Free zone same-authority merger timeline: 6-10 weeks
Mainland DED merger timeline: 3-6 months
Free zone authority fees: AED 5,000-20,000
Mainland merger total all-in cost: AED 40,000-100,000+
UAE Corporate Tax rate: 9% on income above AED 375,000 (effective June 2023)
FTA notification deadline after merger: 20 business days
Suggested alt text: Infographic showing UAE company merger timelines, authority fees, and corporate tax obligations for free zone and mainland mergers in 2026.
Merger vs. Acquisition in the UAE: Understanding the Difference
A UAE merger combines two companies into one legal entity, with one or both companies ceasing to exist. An acquisition means one company purchases the shares of another, the acquired company remains a separate legal entity under new ownership. No dissolution occurs in an acquisition; the buyer simply holds the target company's shares. Choosing between a company merger in Dubai and an acquisition depends on your operational goals, timeline, and risk appetite.

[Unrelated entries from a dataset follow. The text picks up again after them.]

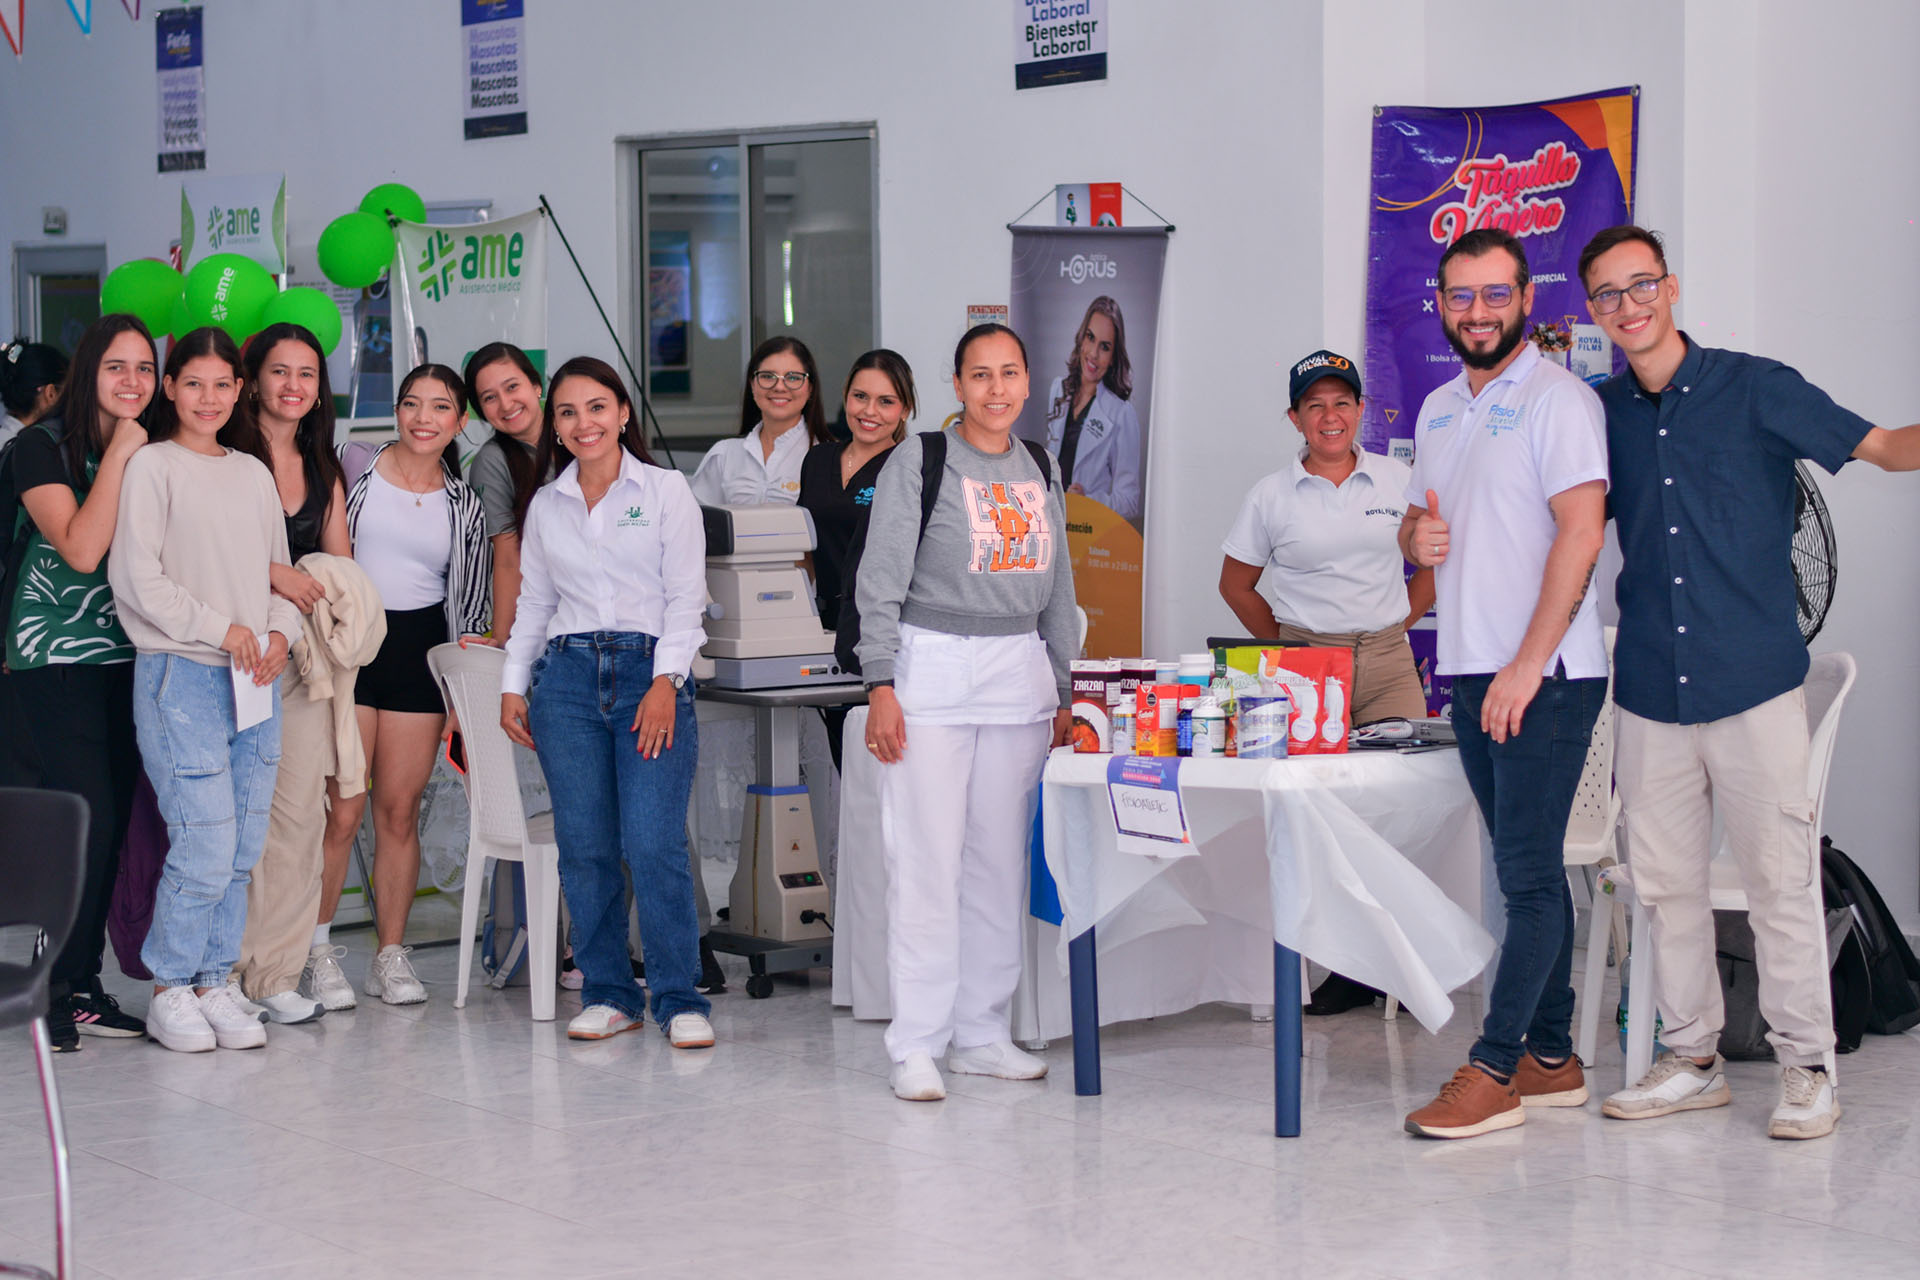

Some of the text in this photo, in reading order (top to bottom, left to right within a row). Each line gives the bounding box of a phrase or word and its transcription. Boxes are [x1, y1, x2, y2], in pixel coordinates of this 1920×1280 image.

[1032, 0, 1090, 22] Laboral
[1025, 20, 1098, 42] Bienestar
[469, 42, 518, 59] Mascotas
[1033, 33, 1091, 58] Laboral
[470, 59, 518, 76] Mascotas
[470, 75, 519, 92] Mascotas
[471, 91, 519, 109] Mascotas
[1456, 144, 1580, 208] Taquilla
[226, 207, 261, 236] ame
[461, 231, 524, 280] ame
[1060, 254, 1117, 284] HORUS
[214, 266, 235, 302] ame
[1532, 273, 1567, 283] ESPECIAL
[969, 305, 1007, 313] EXTINTOR
[1578, 336, 1603, 344] ROYAL
[1578, 343, 1603, 351] FILMS
[1430, 354, 1450, 362] Bolsa
[1073, 680, 1105, 692] ZARZAN
[1121, 679, 1140, 690] RZAN
[1440, 687, 1453, 697] Tarj
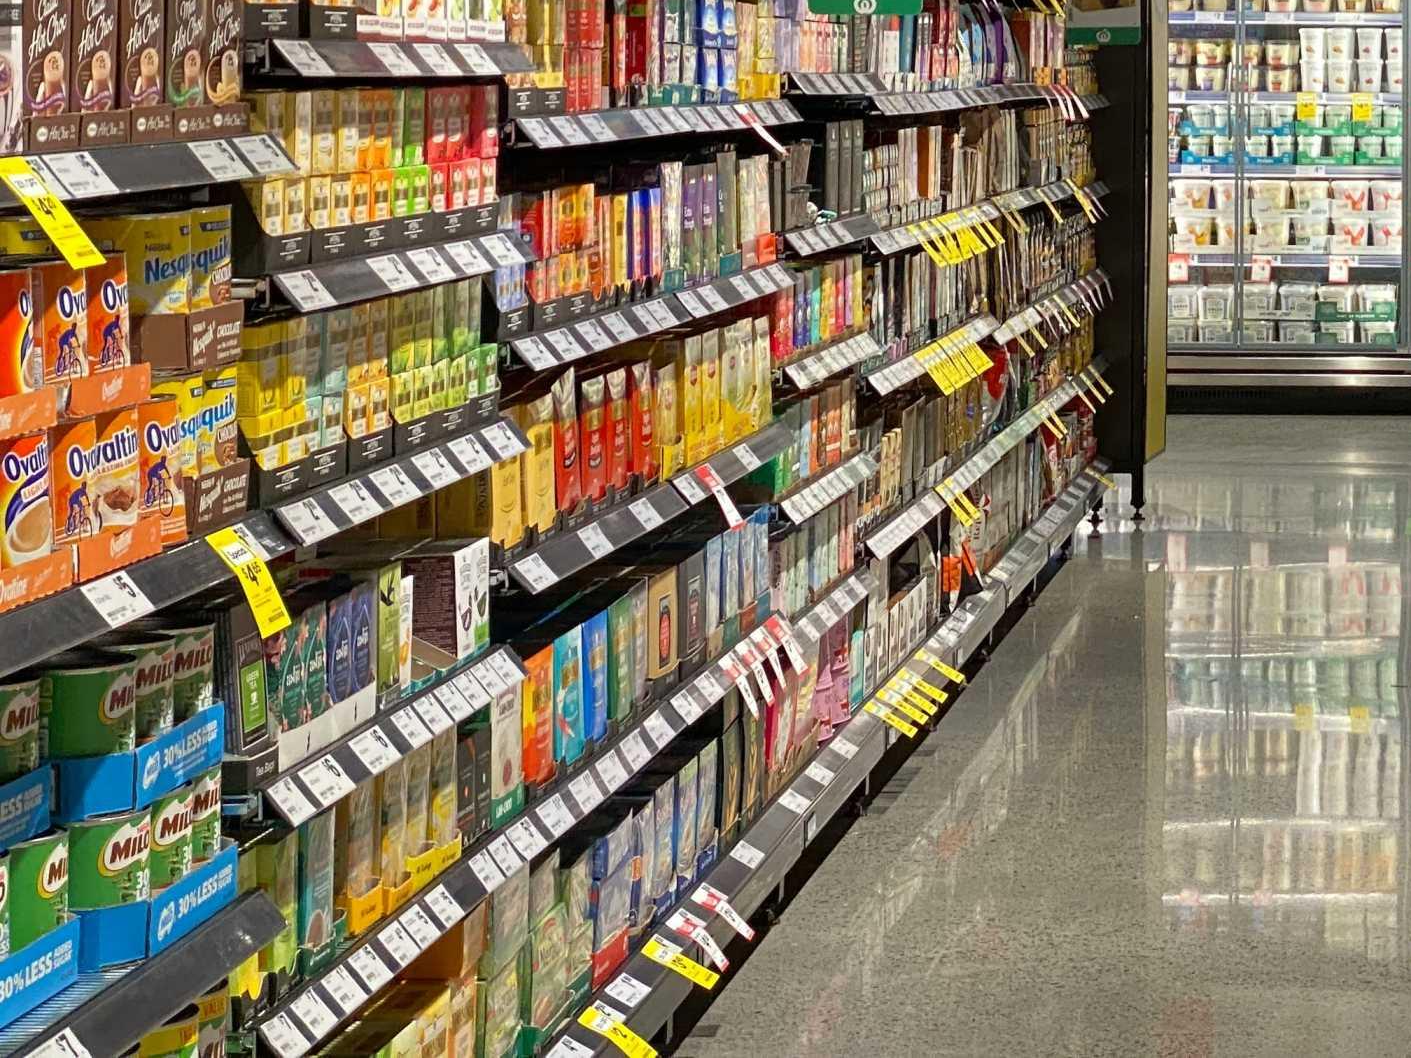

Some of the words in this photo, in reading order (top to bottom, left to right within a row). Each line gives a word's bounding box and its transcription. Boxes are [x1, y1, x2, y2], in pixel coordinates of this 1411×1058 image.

[181, 730, 202, 757] LESS
[177, 888, 197, 918] 30%
[197, 874, 218, 905] LESS
[24, 951, 52, 986] LESS

Why the Legal Distinction Matters Practically
Useful Resources
Frequently Asked Questions
What is merging companies UAE?
Merging companies in the UAE is the legal process of combining two separate businesses into a single entity, either through absorption or consolidation under UAE Commercial Companies Law. This restructuring allows businesses to unify assets, liabilities, and operations. Consulting a UAE corporate lawyer is the recommended first step.